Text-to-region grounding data

◆ ◆ ◆

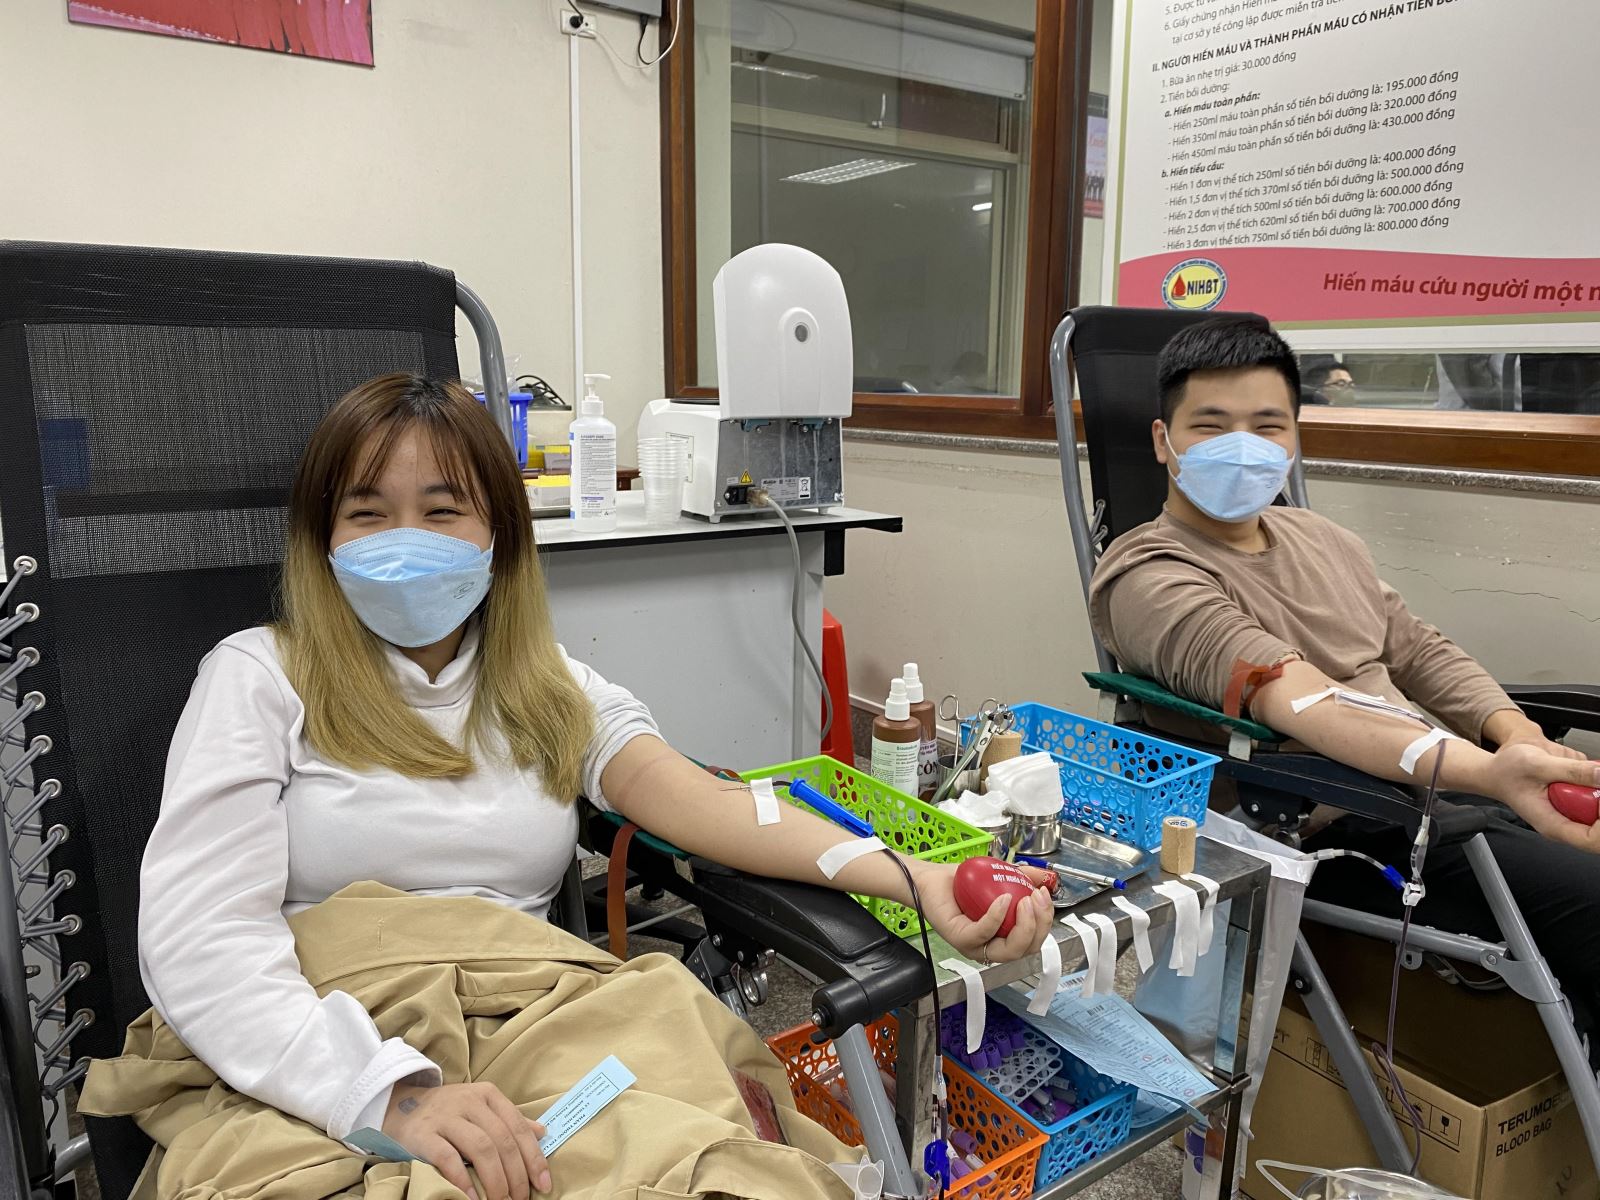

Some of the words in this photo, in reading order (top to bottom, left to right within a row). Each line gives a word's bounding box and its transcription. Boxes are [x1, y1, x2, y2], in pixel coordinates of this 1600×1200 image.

[1161, 54, 1190, 69] NGƯỜI
[1192, 49, 1214, 62] HIẾN
[1215, 43, 1237, 56] MÁU
[1254, 31, 1289, 47] THÀNH
[1291, 22, 1321, 39] PHẦN
[1323, 16, 1349, 31] MÁU
[1369, 3, 1404, 20] NHẬN
[1172, 135, 1190, 145] Hiến
[1191, 130, 1217, 143] 350ml
[1218, 127, 1237, 138] máu
[1238, 124, 1258, 135] toàn
[1259, 118, 1283, 133] phần
[1297, 113, 1315, 125] tiền
[1317, 109, 1333, 121] bồi
[1334, 105, 1367, 118] dưỡng
[1369, 101, 1381, 112] là:
[1384, 93, 1425, 109] 320.000
[1427, 88, 1456, 102] đồng
[1173, 119, 1191, 130] Hiến
[1192, 114, 1218, 127] 250ml
[1219, 111, 1238, 122] máu
[1239, 108, 1259, 119] toàn
[1261, 102, 1284, 117] phần
[1298, 96, 1316, 108] tiền
[1318, 91, 1334, 104] bồi
[1336, 88, 1369, 100] dưỡng
[1371, 83, 1383, 94] là:
[1386, 75, 1427, 91] 195.000
[1429, 70, 1458, 83] đồng
[1171, 150, 1189, 161] Hiến
[1191, 146, 1216, 157] 450ml
[1217, 143, 1236, 154] máu
[1237, 140, 1257, 151] toàn
[1258, 135, 1281, 149] phần
[1295, 130, 1314, 141] tiền
[1315, 126, 1331, 138] bồi
[1333, 123, 1366, 135] dưỡng
[1368, 119, 1380, 130] là:
[1382, 111, 1423, 126] 430.000
[1425, 107, 1455, 120] đồng
[1170, 180, 1188, 191] Hiến
[1195, 178, 1212, 188] đơn
[1222, 172, 1237, 184] thể
[1238, 171, 1254, 182] tích
[1255, 167, 1283, 180] 250ml
[1297, 163, 1315, 174] tiền
[1317, 160, 1332, 171] bồi
[1334, 157, 1367, 169] dưỡng
[1369, 153, 1381, 164] là:
[1383, 147, 1424, 162] 400.000
[1426, 143, 1456, 156] đồng
[1262, 182, 1289, 195] 370ml
[1390, 164, 1432, 178] 500.000
[1168, 210, 1186, 220] Hiến
[1194, 208, 1210, 218] đơn
[1220, 203, 1235, 215] thể
[1235, 203, 1252, 213] tích
[1253, 199, 1281, 211] 500ml
[1294, 195, 1312, 207] tiền
[1314, 193, 1330, 204] bồi
[1331, 191, 1364, 202] dưỡng
[1366, 188, 1378, 198] là:
[1380, 183, 1421, 197] 600.000
[1423, 179, 1452, 192] đồng
[1259, 214, 1287, 226] 620ml
[1388, 199, 1429, 212] 700.000
[1252, 231, 1279, 242] 750ml
[1377, 218, 1418, 231] 800.000
[1187, 278, 1218, 296] NIHBT
[1323, 271, 1366, 292] Hiến
[1370, 274, 1414, 294] máu
[1419, 276, 1457, 296] cứu
[1462, 279, 1529, 302] người
[1533, 281, 1583, 307] một
[1496, 1130, 1531, 1157] BLOOD
[1533, 1118, 1552, 1139] BAG

◆ ◆ ◆

▸ Exercise: The answer must consist of every line from the entries that holds the string "tiền".

▸ Response to the exercise:
[1297, 113, 1315, 125] tiền
[1298, 96, 1316, 108] tiền
[1295, 130, 1314, 141] tiền
[1297, 163, 1315, 174] tiền
[1294, 195, 1312, 207] tiền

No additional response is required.